> [Assignment] Without including any pictures, write out all the entries exactly.

> [Material supplied]
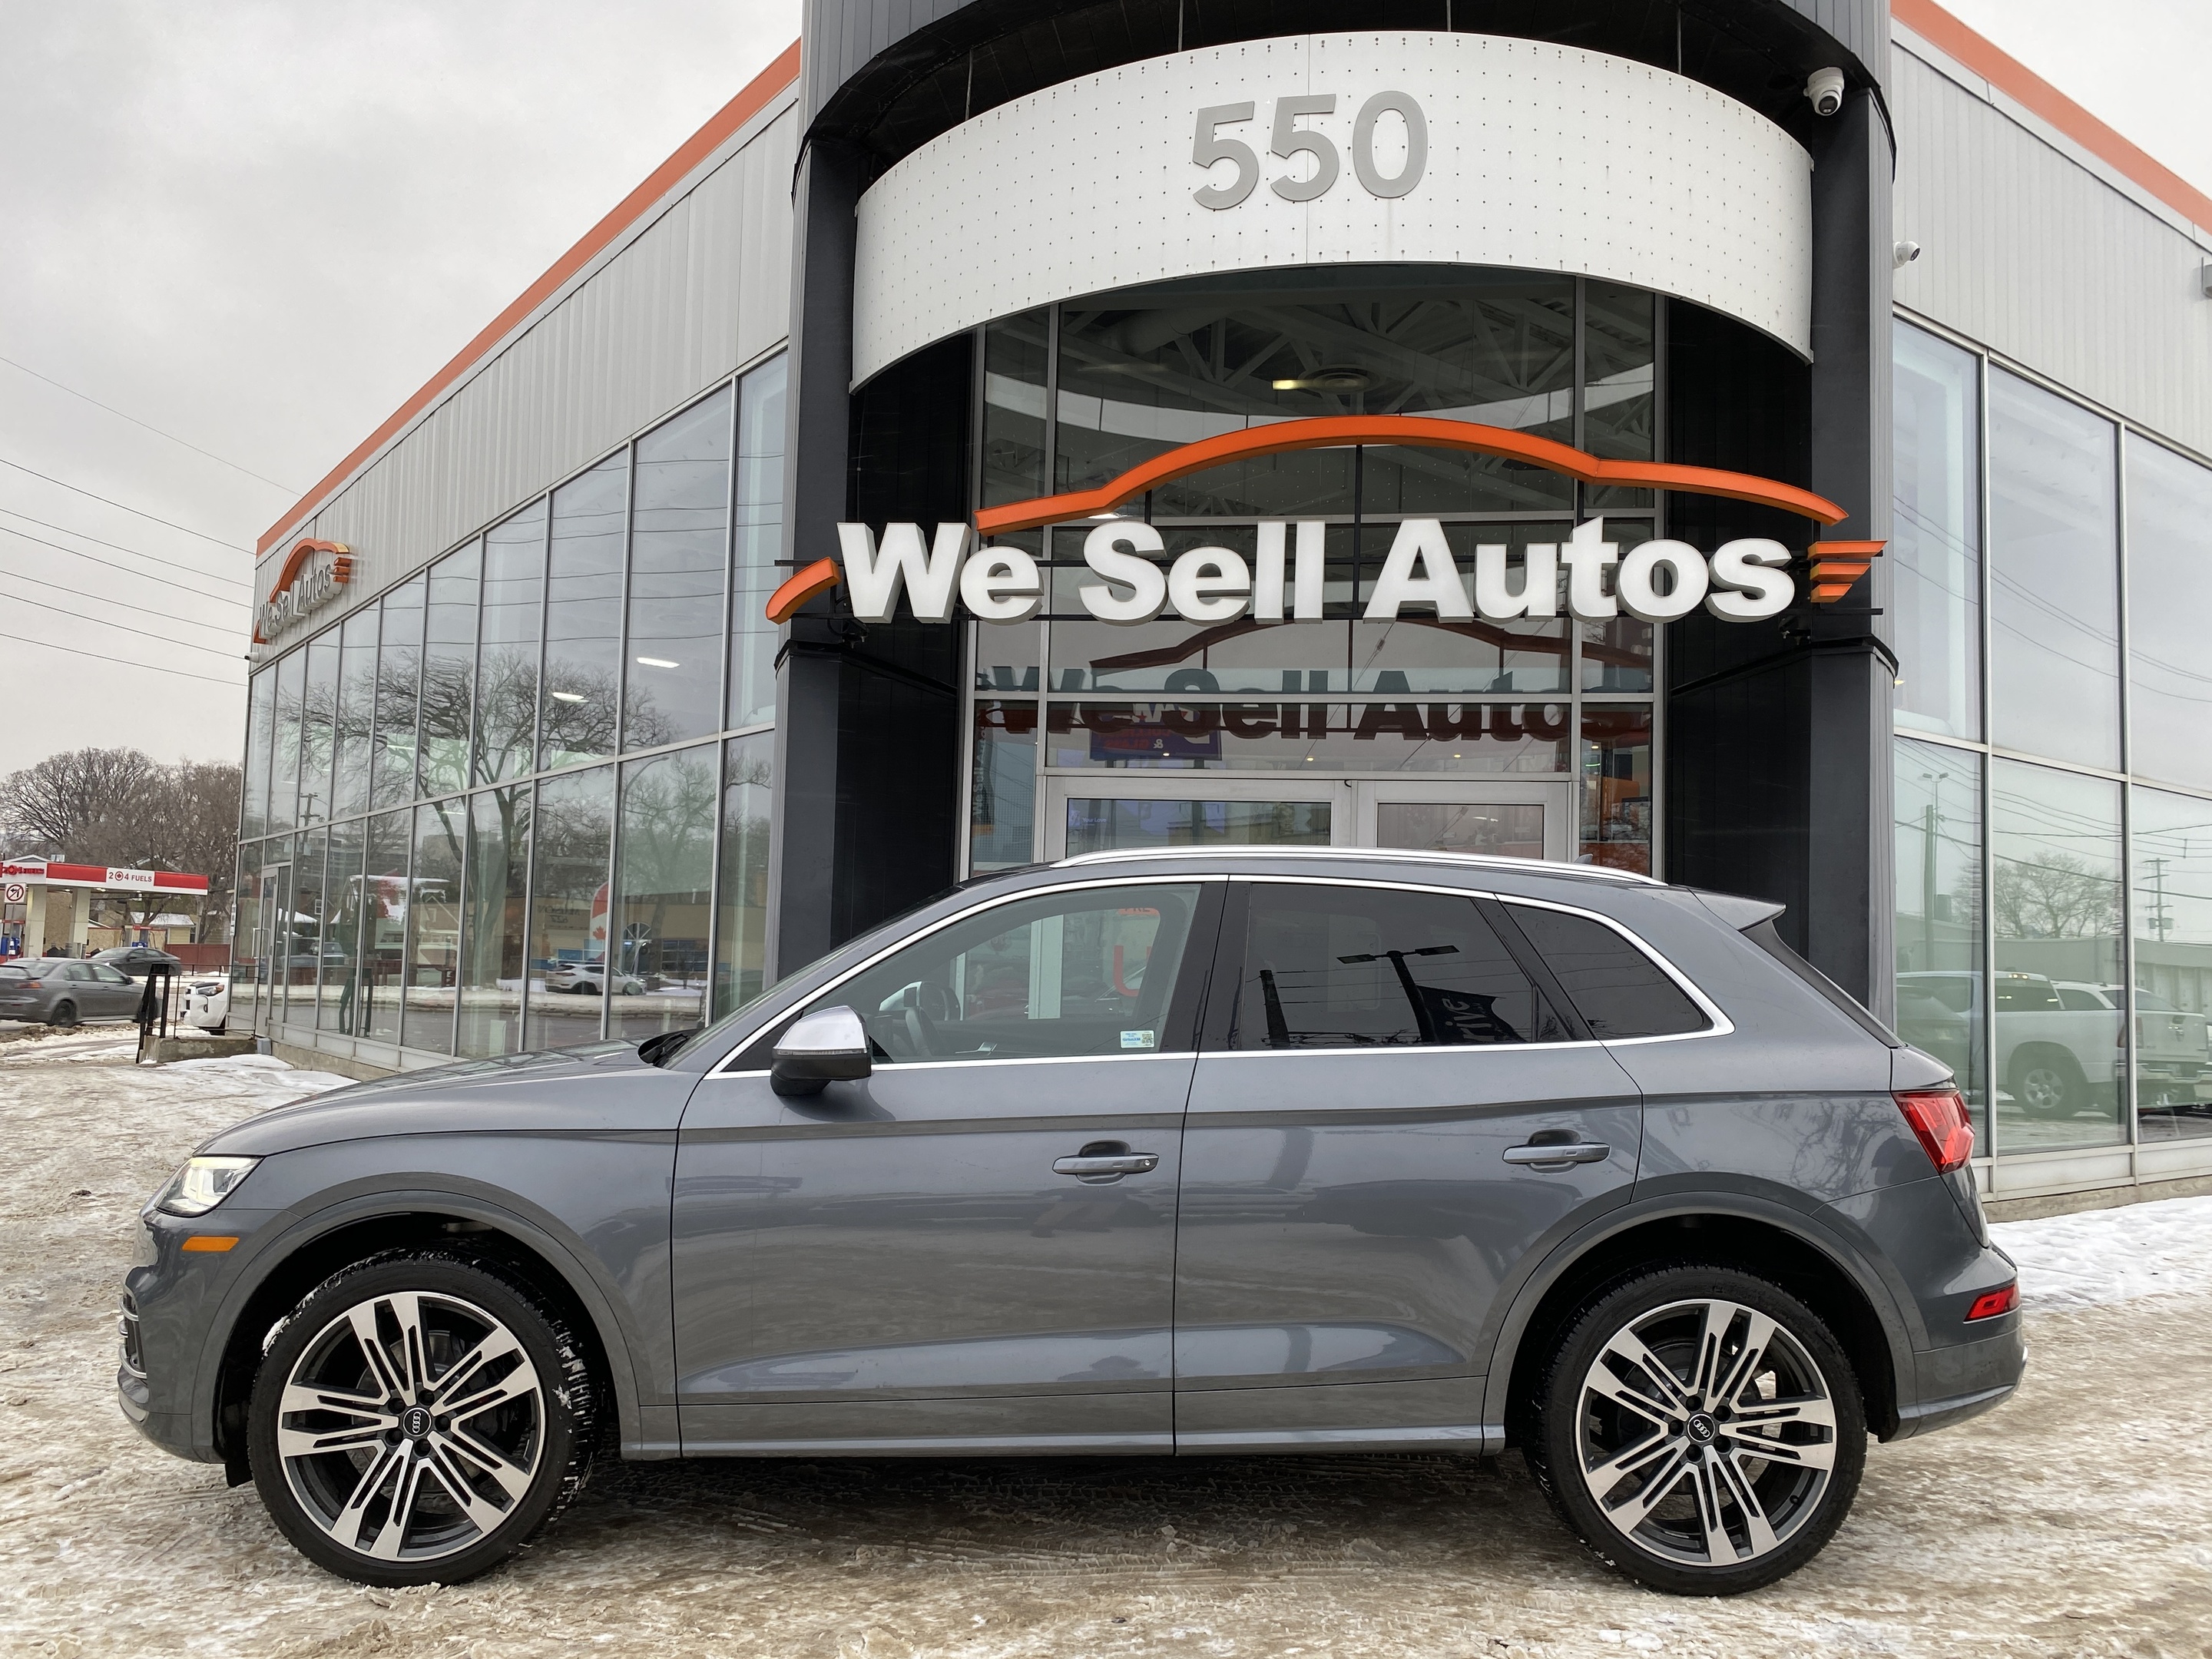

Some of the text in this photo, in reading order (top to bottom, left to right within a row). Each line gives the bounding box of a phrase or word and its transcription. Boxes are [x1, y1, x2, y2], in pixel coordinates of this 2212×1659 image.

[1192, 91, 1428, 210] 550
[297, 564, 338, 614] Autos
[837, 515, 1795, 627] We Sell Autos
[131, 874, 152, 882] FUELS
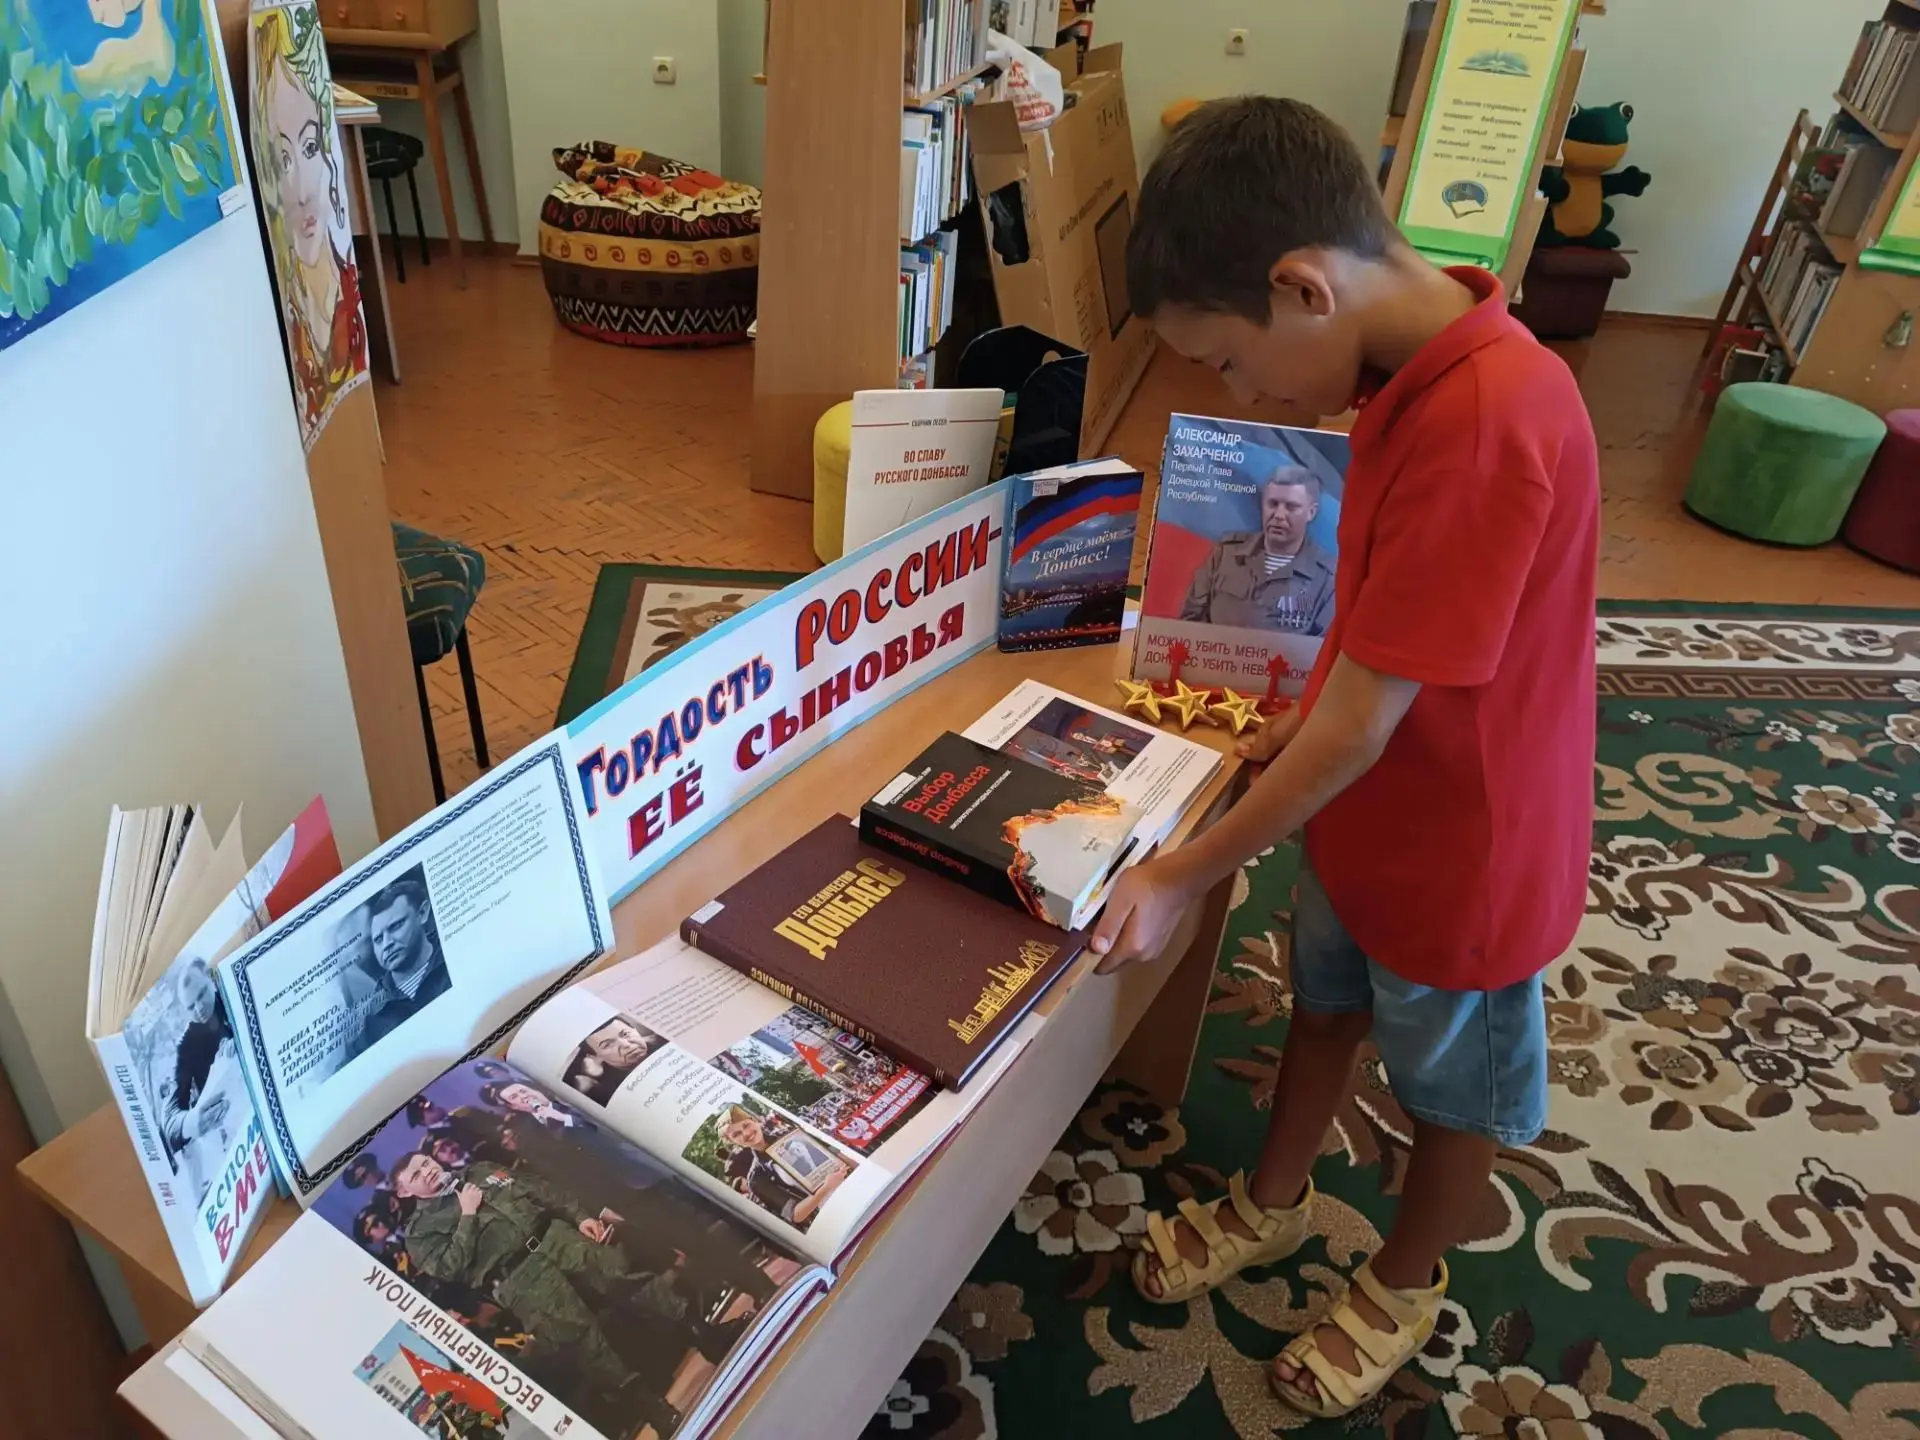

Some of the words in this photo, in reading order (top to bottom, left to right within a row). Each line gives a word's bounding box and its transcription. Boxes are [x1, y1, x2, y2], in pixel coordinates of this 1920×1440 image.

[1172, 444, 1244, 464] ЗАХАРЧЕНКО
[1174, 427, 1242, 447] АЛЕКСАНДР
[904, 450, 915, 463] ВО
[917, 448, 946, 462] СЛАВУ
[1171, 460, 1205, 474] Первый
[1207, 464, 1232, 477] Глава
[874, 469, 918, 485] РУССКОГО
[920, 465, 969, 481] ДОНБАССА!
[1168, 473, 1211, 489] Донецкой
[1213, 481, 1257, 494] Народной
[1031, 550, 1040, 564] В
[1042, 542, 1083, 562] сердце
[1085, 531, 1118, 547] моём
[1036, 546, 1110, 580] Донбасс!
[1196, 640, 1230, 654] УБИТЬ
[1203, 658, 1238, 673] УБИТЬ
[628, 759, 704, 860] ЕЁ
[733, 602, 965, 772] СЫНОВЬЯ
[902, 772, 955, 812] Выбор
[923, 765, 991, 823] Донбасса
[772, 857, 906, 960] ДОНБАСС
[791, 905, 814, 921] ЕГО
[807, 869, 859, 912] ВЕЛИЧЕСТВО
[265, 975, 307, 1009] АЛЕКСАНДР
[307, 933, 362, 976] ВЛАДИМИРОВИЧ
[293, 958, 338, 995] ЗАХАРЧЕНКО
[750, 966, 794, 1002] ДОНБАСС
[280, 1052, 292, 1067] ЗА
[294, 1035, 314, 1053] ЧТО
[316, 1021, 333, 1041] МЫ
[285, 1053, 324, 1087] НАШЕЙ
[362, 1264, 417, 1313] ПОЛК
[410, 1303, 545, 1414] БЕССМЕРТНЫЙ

> [Response area]
Some of the text in this photo, in reading order (top to bottom, left to right within a row). Each line gives the bounding box of a phrase or word and its transcription. Boxes are [x1, y1, x2, y2], in pixel coordinates of this 2212×1659 image.

[1192, 91, 1428, 210] 550
[297, 564, 338, 614] Autos
[837, 515, 1795, 627] We Sell Autos
[131, 874, 152, 882] FUELS

Some of the words in this photo, in reading order (top to bottom, left to right within a row). Each line gives a word's bounding box and its transcription. Boxes are [x1, y1, x2, y2], in pixel coordinates of this 1920×1440 image.

[1172, 444, 1244, 464] ЗАХАРЧЕНКО
[1174, 427, 1242, 447] АЛЕКСАНДР
[904, 450, 915, 463] ВО
[917, 448, 946, 462] СЛАВУ
[1171, 460, 1205, 474] Первый
[1207, 464, 1232, 477] Глава
[874, 469, 918, 485] РУССКОГО
[920, 465, 969, 481] ДОНБАССА!
[1168, 473, 1211, 489] Донецкой
[1213, 481, 1257, 494] Народной
[1031, 550, 1040, 564] В
[1042, 542, 1083, 562] сердце
[1085, 531, 1118, 547] моём
[1036, 546, 1110, 580] Донбасс!
[1196, 640, 1230, 654] УБИТЬ
[1203, 658, 1238, 673] УБИТЬ
[628, 759, 704, 860] ЕЁ
[733, 602, 965, 772] СЫНОВЬЯ
[902, 772, 955, 812] Выбор
[923, 765, 991, 823] Донбасса
[772, 857, 906, 960] ДОНБАСС
[791, 905, 814, 921] ЕГО
[807, 869, 859, 912] ВЕЛИЧЕСТВО
[265, 975, 307, 1009] АЛЕКСАНДР
[307, 933, 362, 976] ВЛАДИМИРОВИЧ
[293, 958, 338, 995] ЗАХАРЧЕНКО
[750, 966, 794, 1002] ДОНБАСС
[280, 1052, 292, 1067] ЗА
[294, 1035, 314, 1053] ЧТО
[316, 1021, 333, 1041] МЫ
[285, 1053, 324, 1087] НАШЕЙ
[362, 1264, 417, 1313] ПОЛК
[410, 1303, 545, 1414] БЕССМЕРТНЫЙ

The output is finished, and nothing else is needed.